Once Shafer introduces his theory of digital conspiracy plot as the slender design of the novel begins to sag. The idea of a storage server for all the information about the people living on the planet is not new. Only in the last year I have read a few works with a similar idea. And every time the world conspiracy theory with an emphasis on the accumulation of digital information has no valid arguments. This idea usually is built on the arguments usually vague. How really ownership of all the digital information about people can lead to total control over the people? Shafer builds some shaky structure of the future, with no real backups. And since evil can not impress and scare enough, then the threat to peace seems phantom. All the arguments in this case are reduced to the commonplace "to spy on people is bad." This we already know.

Unable to build a potent image of the enemy, Shafer throws his heroes to fight against windmills. Both secret community are so smooth, they do not have any form at all. The mission of the trinity against mythical evil is also doubtful. As in the worst examples of literature of adventure, the world from destruction is necessarily saved by the amateurs. Secret organization entirely relies on the wild girl, alcoholic and plagiarist - apparently the situation inside the organization was quite bad, if it would need to use help of unbalanced people.

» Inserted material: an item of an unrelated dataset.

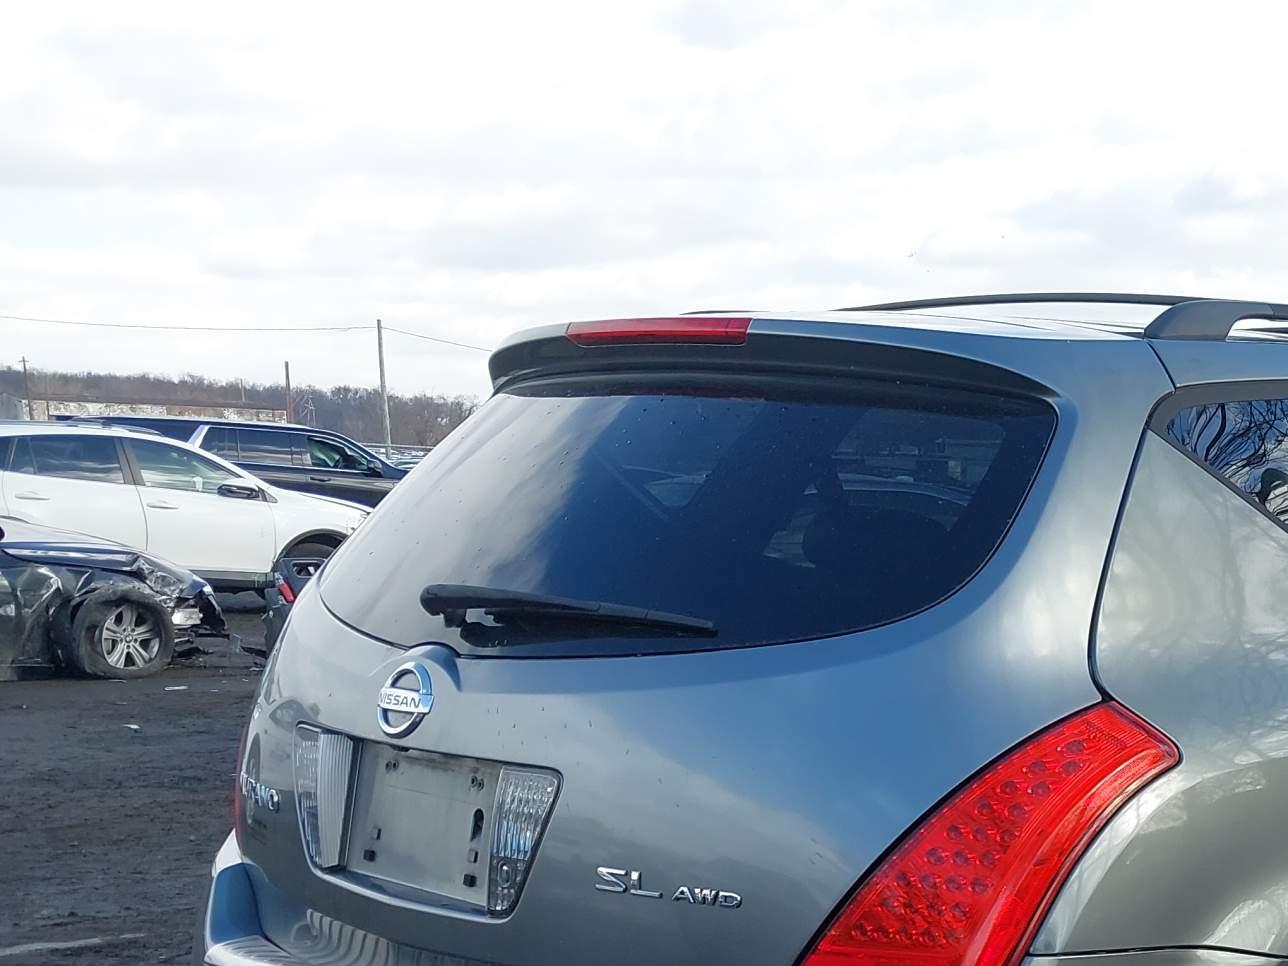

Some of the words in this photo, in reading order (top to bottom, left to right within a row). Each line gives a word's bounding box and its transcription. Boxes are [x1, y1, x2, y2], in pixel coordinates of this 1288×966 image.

[380, 692, 421, 709] NISSAN
[595, 866, 662, 899] SL
[672, 885, 742, 908] AWD

The second half of the novel is quite a burden to read. The first one slowly build a story, and that was a plus to the novel. We did in fact read a mainstream novel. The second part is already full thriller, shamelessly overlong, sweetened with melodrama between Leo and Leila, predictable and linear. Shafer writes in the second half still brilliantly, but the story buries stylistic clarity under itself.

Talented author Shafer stumbled with this debut. He writes charmingly, but the plot of this book is very much shaky like tango after whiskey. Or foxtrot after whiskey. There is probably no difference.